Exercise requirements: Nothing but an exact copy of the records is expected here.

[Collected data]
+++++
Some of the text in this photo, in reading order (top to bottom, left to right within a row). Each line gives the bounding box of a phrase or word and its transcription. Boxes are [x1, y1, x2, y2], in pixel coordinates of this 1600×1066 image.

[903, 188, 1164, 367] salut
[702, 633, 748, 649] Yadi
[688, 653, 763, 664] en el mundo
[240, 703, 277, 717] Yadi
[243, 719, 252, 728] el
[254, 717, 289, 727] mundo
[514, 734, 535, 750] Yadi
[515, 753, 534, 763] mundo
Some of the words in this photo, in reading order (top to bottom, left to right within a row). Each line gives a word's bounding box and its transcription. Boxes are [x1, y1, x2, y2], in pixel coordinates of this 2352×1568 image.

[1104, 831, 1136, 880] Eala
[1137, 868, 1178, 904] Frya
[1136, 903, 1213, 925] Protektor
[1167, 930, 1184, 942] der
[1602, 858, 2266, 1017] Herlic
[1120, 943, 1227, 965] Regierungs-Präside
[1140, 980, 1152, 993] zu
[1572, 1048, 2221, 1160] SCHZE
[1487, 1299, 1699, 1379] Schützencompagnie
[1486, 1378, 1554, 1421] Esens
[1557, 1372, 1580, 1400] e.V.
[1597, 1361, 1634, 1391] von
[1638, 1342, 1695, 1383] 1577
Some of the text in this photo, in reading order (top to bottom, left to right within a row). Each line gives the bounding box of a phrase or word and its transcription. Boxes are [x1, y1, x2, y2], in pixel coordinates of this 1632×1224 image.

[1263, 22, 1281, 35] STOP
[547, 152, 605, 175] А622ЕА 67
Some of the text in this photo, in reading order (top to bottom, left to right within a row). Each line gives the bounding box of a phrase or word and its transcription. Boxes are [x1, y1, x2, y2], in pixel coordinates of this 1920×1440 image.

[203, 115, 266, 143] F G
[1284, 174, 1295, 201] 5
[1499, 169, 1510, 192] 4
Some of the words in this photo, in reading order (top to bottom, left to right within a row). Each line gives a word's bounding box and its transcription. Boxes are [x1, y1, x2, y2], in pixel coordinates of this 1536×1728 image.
+++++
Problem solution:
Some of the text in this photo, in reading order (top to bottom, left to right within a row). Each line gives the bounding box of a phrase or word and its transcription. Boxes are [x1, y1, x2, y2], in pixel coordinates of this 1600×1066 image.

[903, 188, 1164, 367] salut
[702, 633, 748, 649] Yadi
[688, 653, 763, 664] en el mundo
[240, 703, 277, 717] Yadi
[243, 719, 252, 728] el
[254, 717, 289, 727] mundo
[514, 734, 535, 750] Yadi
[515, 753, 534, 763] mundo
Some of the words in this photo, in reading order (top to bottom, left to right within a row). Each line gives a word's bounding box and its transcription. Boxes are [x1, y1, x2, y2], in pixel coordinates of this 2352×1568 image.

[1104, 831, 1136, 880] Eala
[1137, 868, 1178, 904] Frya
[1136, 903, 1213, 925] Protektor
[1167, 930, 1184, 942] der
[1602, 858, 2266, 1017] Herlic
[1120, 943, 1227, 965] Regierungs-Präside
[1140, 980, 1152, 993] zu
[1572, 1048, 2221, 1160] SCHZE
[1487, 1299, 1699, 1379] Schützencompagnie
[1486, 1378, 1554, 1421] Esens
[1557, 1372, 1580, 1400] e.V.
[1597, 1361, 1634, 1391] von
[1638, 1342, 1695, 1383] 1577
Some of the text in this photo, in reading order (top to bottom, left to right within a row). Each line gives the bounding box of a phrase or word and its transcription. Boxes are [x1, y1, x2, y2], in pixel coordinates of this 1632×1224 image.

[1263, 22, 1281, 35] STOP
[547, 152, 605, 175] А622ЕА 67
Some of the text in this photo, in reading order (top to bottom, left to right within a row). Each line gives the bounding box of a phrase or word and its transcription. Boxes are [x1, y1, x2, y2], in pixel coordinates of this 1920×1440 image.

[203, 115, 266, 143] F G
[1284, 174, 1295, 201] 5
[1499, 169, 1510, 192] 4
Some of the words in this photo, in reading order (top to bottom, left to right within a row). Each line gives a word's bounding box and its transcription. Boxes are [x1, y1, x2, y2], in pixel coordinates of this 1536×1728 image.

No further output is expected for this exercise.